Read Athenian Steel (Book I of the The Hellennium) Online
Authors: P. K. Lentz
Tags: #ancient, #epic, #greek, #warfare, #alternate history, #violent, #peloponnesian war
"Outside the city. No place in
particular."
He agreed, in spite of the very obvious
potential danger of going into the wilderness alongside a living
weapon with of the strength of several men and an ax to grind.
Thalassia's manner gave no particular cause for alarm, but then she
was a consummate deceiver.
"Meet me by the north gate an hour past
midday," she said.
Still unable to squarely meet her eye, he
gave another nod. It was not conventional for a general of Athens
to vanish into the hills the day after a major victory when there
was yet work to be done, but then neither had it been convention to
drown himself in a vat of wine the night prior. He would manage to
slip away.
Doubtless she knew all the reasons for his
current discomfort. She chose to address one.

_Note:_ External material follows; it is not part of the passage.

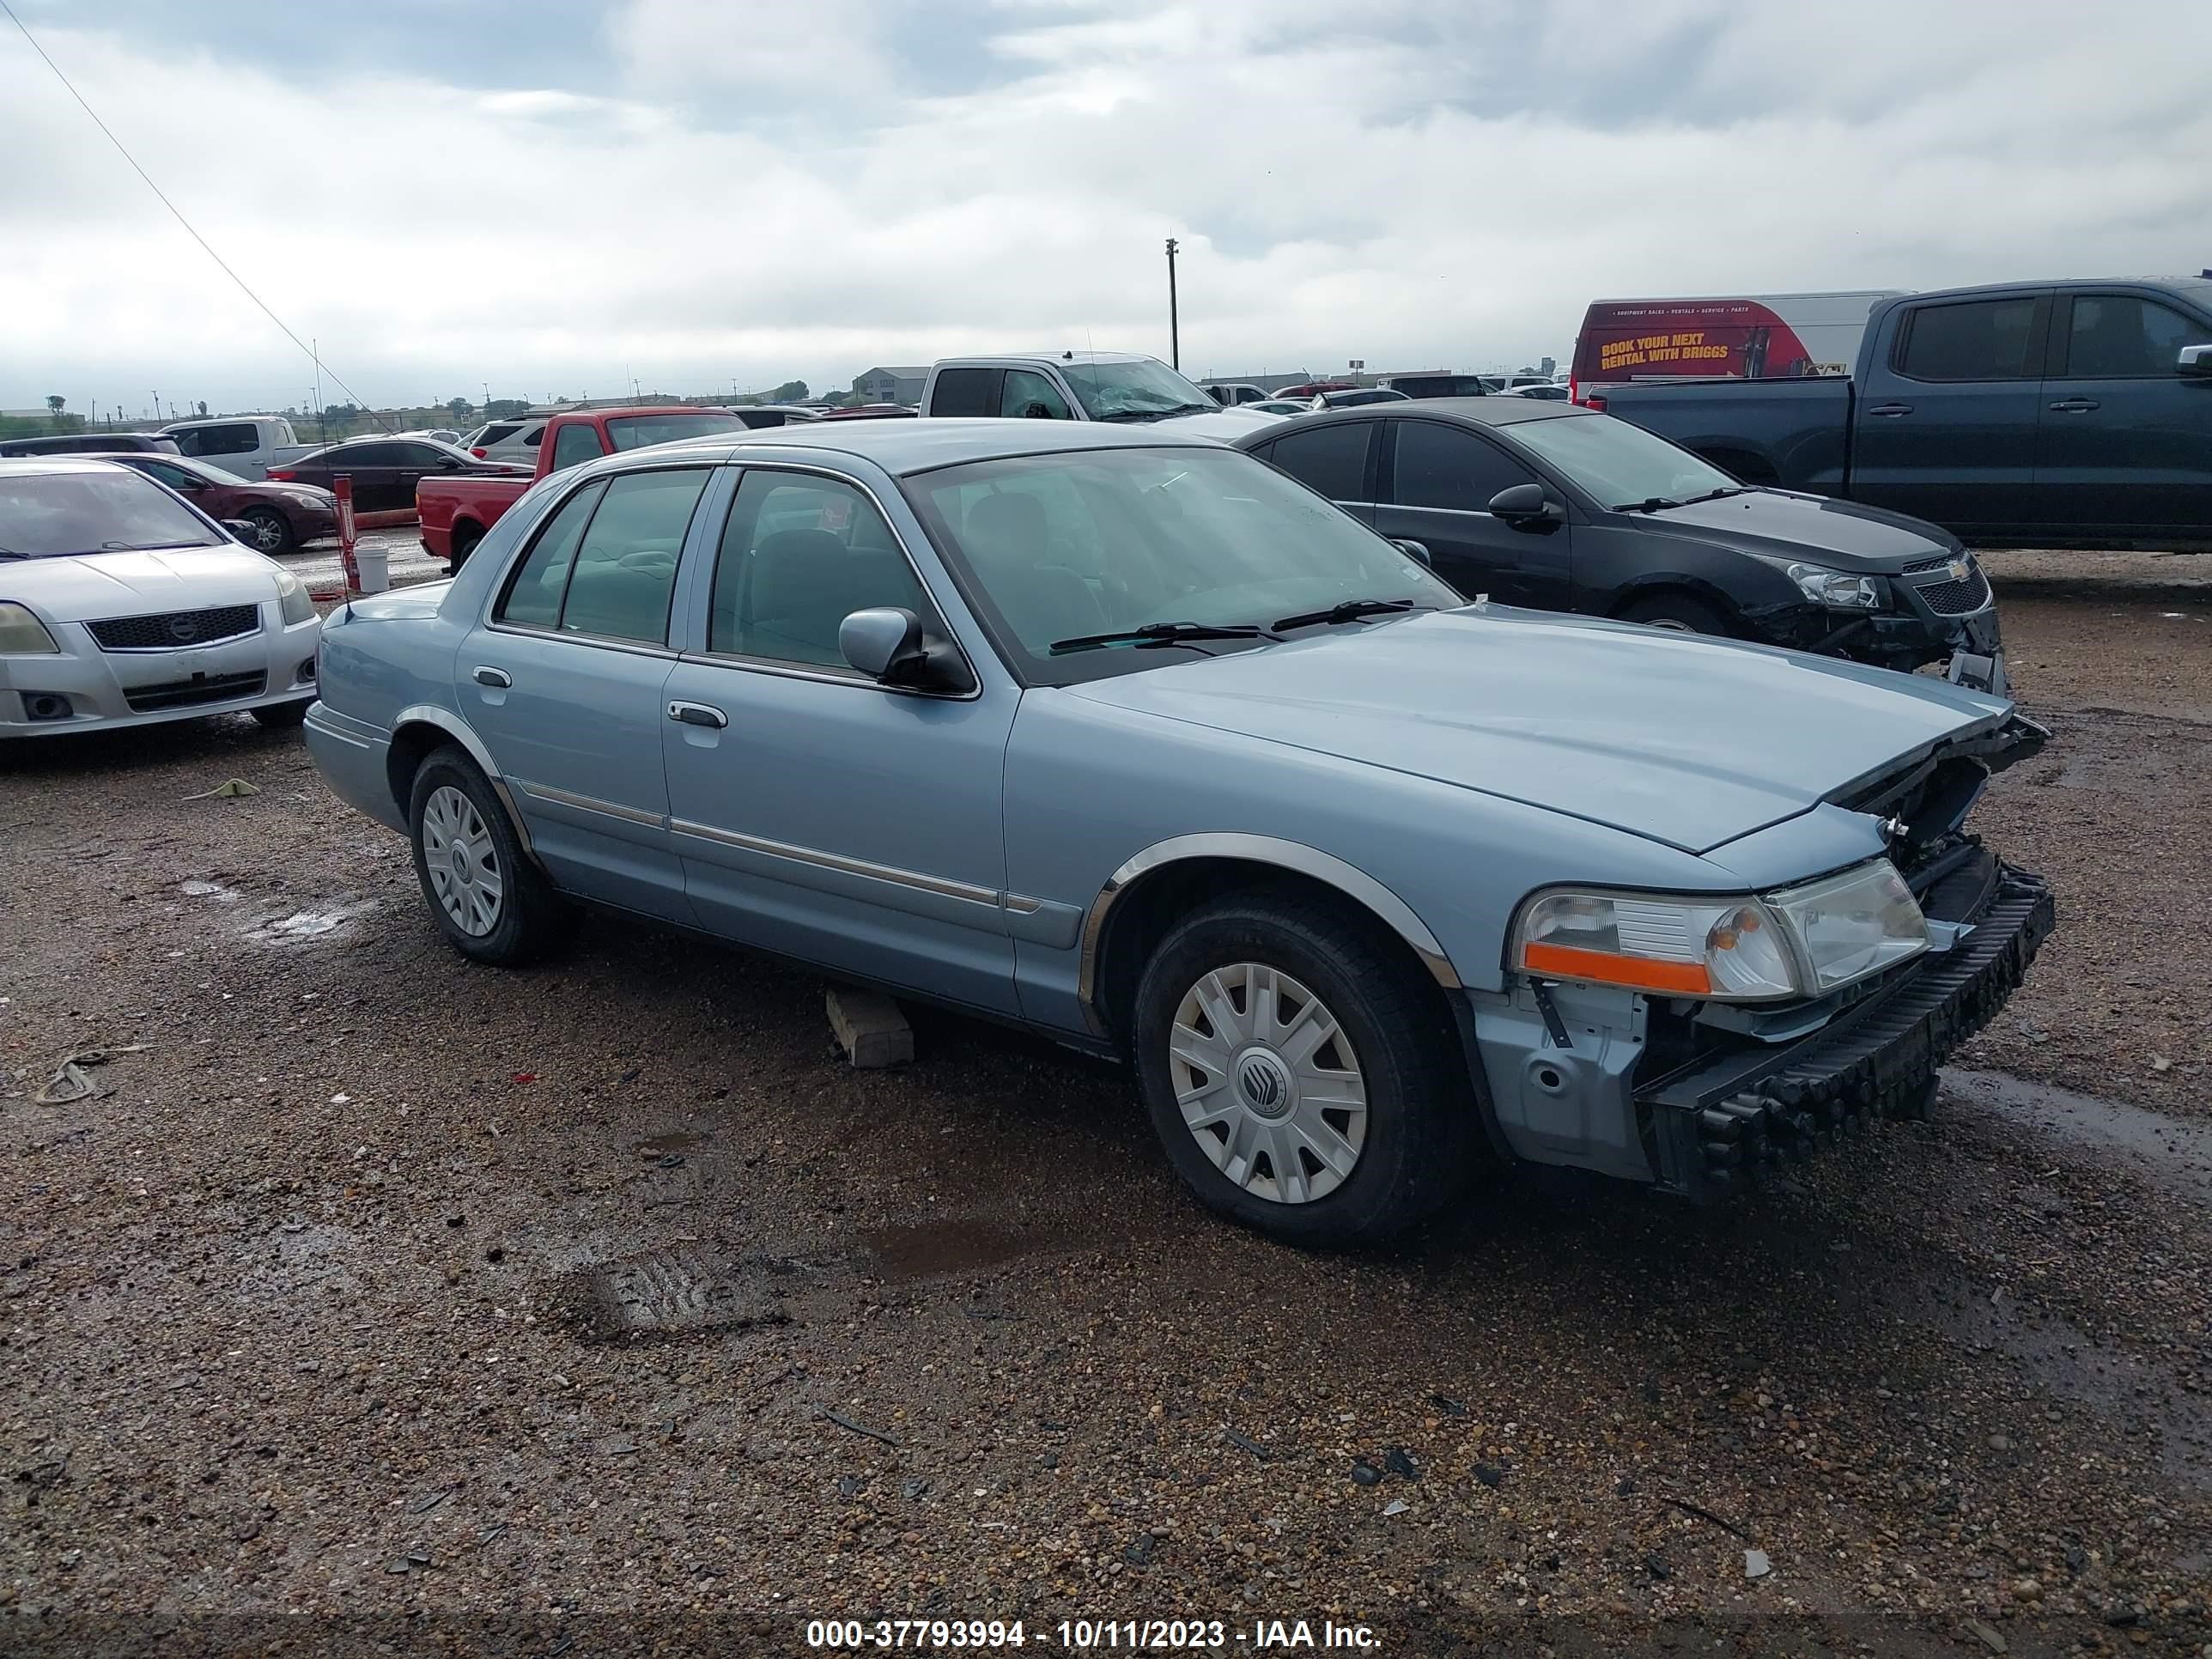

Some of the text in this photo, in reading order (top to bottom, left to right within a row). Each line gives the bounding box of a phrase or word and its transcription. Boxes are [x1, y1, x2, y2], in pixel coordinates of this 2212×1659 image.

[1601, 332, 1705, 357] BOOK YOUR NEXT
[1601, 345, 1729, 370] RENTAL WITH BRIGGS
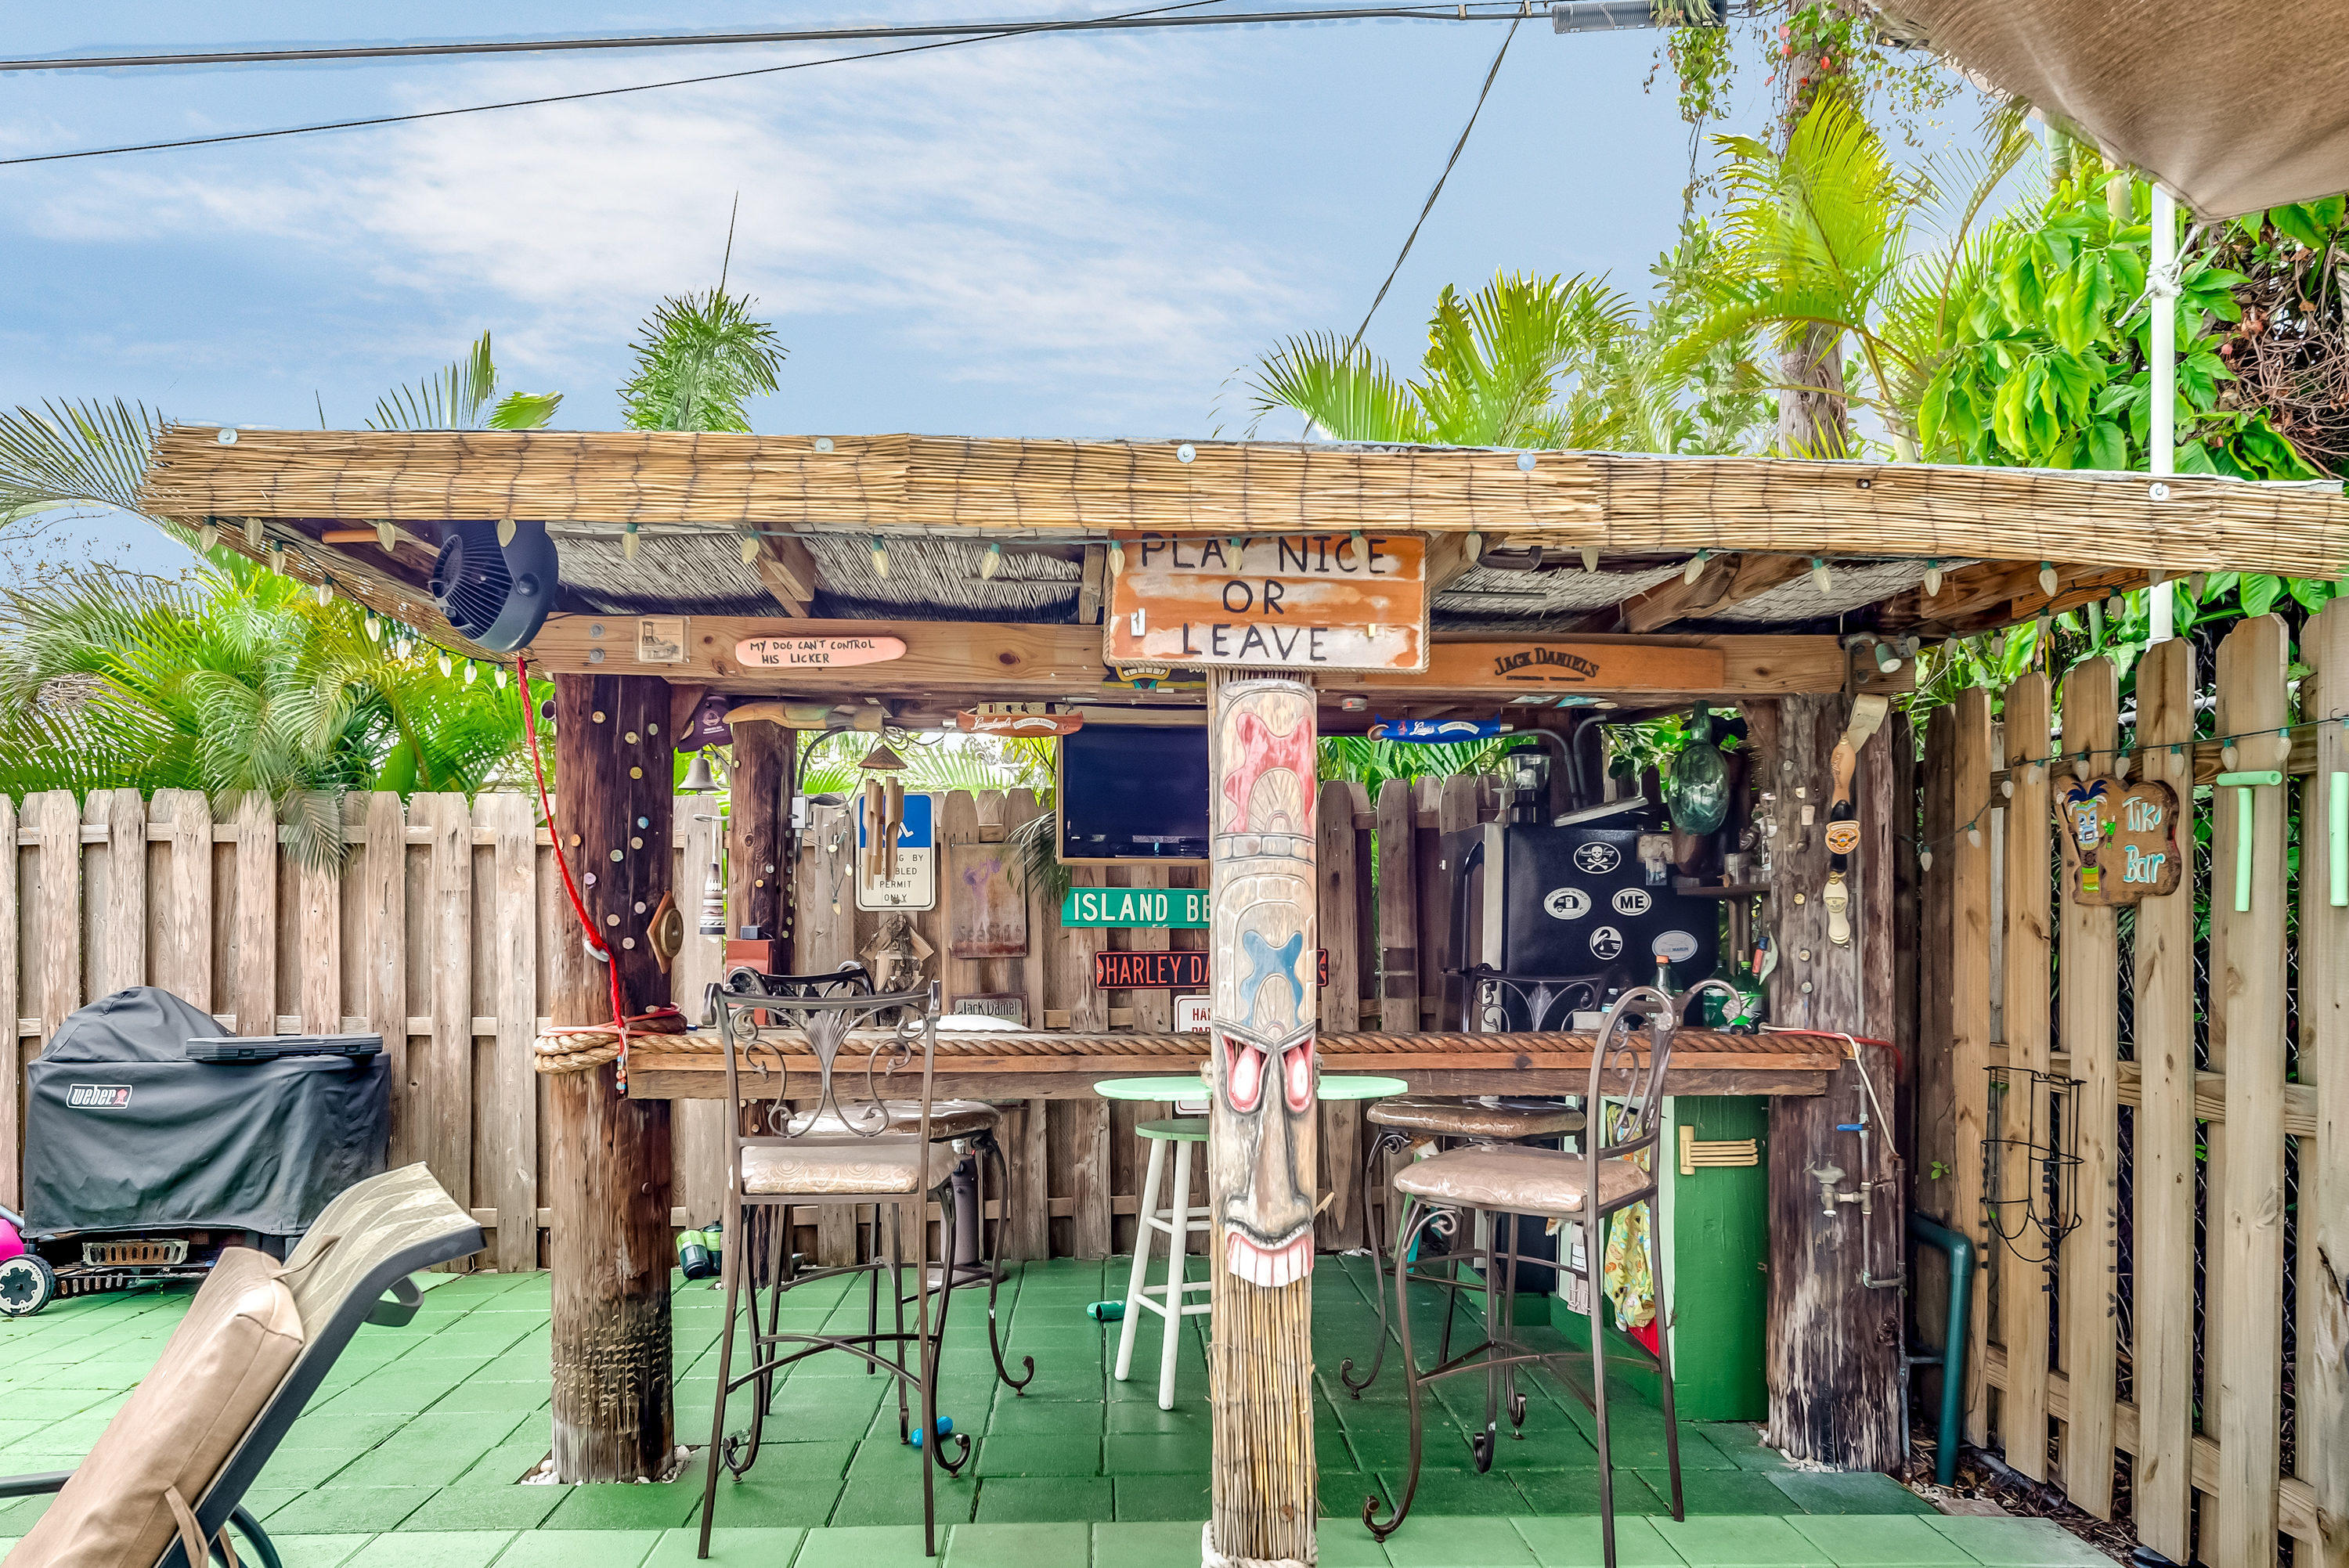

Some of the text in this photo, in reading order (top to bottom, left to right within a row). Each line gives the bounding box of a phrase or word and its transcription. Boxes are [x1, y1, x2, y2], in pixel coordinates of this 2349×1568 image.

"I promised never to hurt you," she said,
"and I won't. We will only talk."
The reassurance did put his mind at ease,
even if that same dark part of himself which last night had acted
unforgivably urged him to press thumbs to the hollow of her throat
and demand that she just say whatever she wished to say now and be
done with it.
But once again, he only nodded silently,
impotently.
"Good," she said. Her features showed no
sign of either pleasure or gratitude.
Without further word, she departed his
presence, leaving Demosthenes to wonder, while attending to the
building of a trophy, deciding the fates of prisoners, dividing
spoils, composing a dispatch to the Board, and doing the dozen
other things that needed doing, what her intentions were.
He did not finish wondering, or completing
the tasks at hand, before the appointed time arrived. Outside
Amphipolis' northern gate he found Thalassia waiting with one horse
which they were to share. He mounted it, moving delicately on
account of the bruise under his ribs, after which Thalassia hoisted
herself into the saddle in front of him. They struck off on the
wide, well-worn trail, less than a road, deeply rutted by the
wheels of carts which seemed to be absent this day, heading
northeast toward the low, gold-bearing mountains on the
horizon.
"It would help to know the destination,"
Demosthenes suggested blandly.
"Just follow the trail. I'll tell you when
to leave it."
He did as she bid him, trying to keep his
hands on the reins from brushing the hips of body in front of him,
the warmth and undeniable allure of which penetrated her cloak. But
there was no preventing that contact which, but for a few layers of
linen and wool, was almost as close as that they had had last
night. There was plenty of friction, too, as their bodies
jostled.
The silence grew quickly awkward, and after
some minutes spent penning up the desire to say something,
anything, the pressure in his chest became too great and a question
burst forth.
"Where did you go?"
He could not see Thalassia's expression,
only waves of dark hair, the hair that he had...
By the quickness of her answer, he gathered
that she welcomed the breaking of silence.
"Macedon," she said, surprisingly. "Do you
know of Arrhidaeus?"
Demosthenes had heard the name. "Some prince
or other."
"King Perdikkas' nephew," Thalassia
clarified. "His line was removed from succession when Perdikkas
took the throne."
Her words thus far had not seemed ominous,
but the pause which followed was.
"What about him?" Demosthenes prompted
innocently.
"I lured him to his death."
"What? Why?"
"In that world where Amphipolis falls and
you die in Sicily, Arrhidaeus's grandson Philip would have
conquered Greece. And Philip's son Alexander would have conquered
everything from the Nile to India, spreading Greek culture and the
worship of your gods. And himself."
"Conquered...." Demosthenes echoed,
incredulously. "Spreading Greek culture? But Macedonians
are...
barbarians
."
"They style themselves Greek. Or they will.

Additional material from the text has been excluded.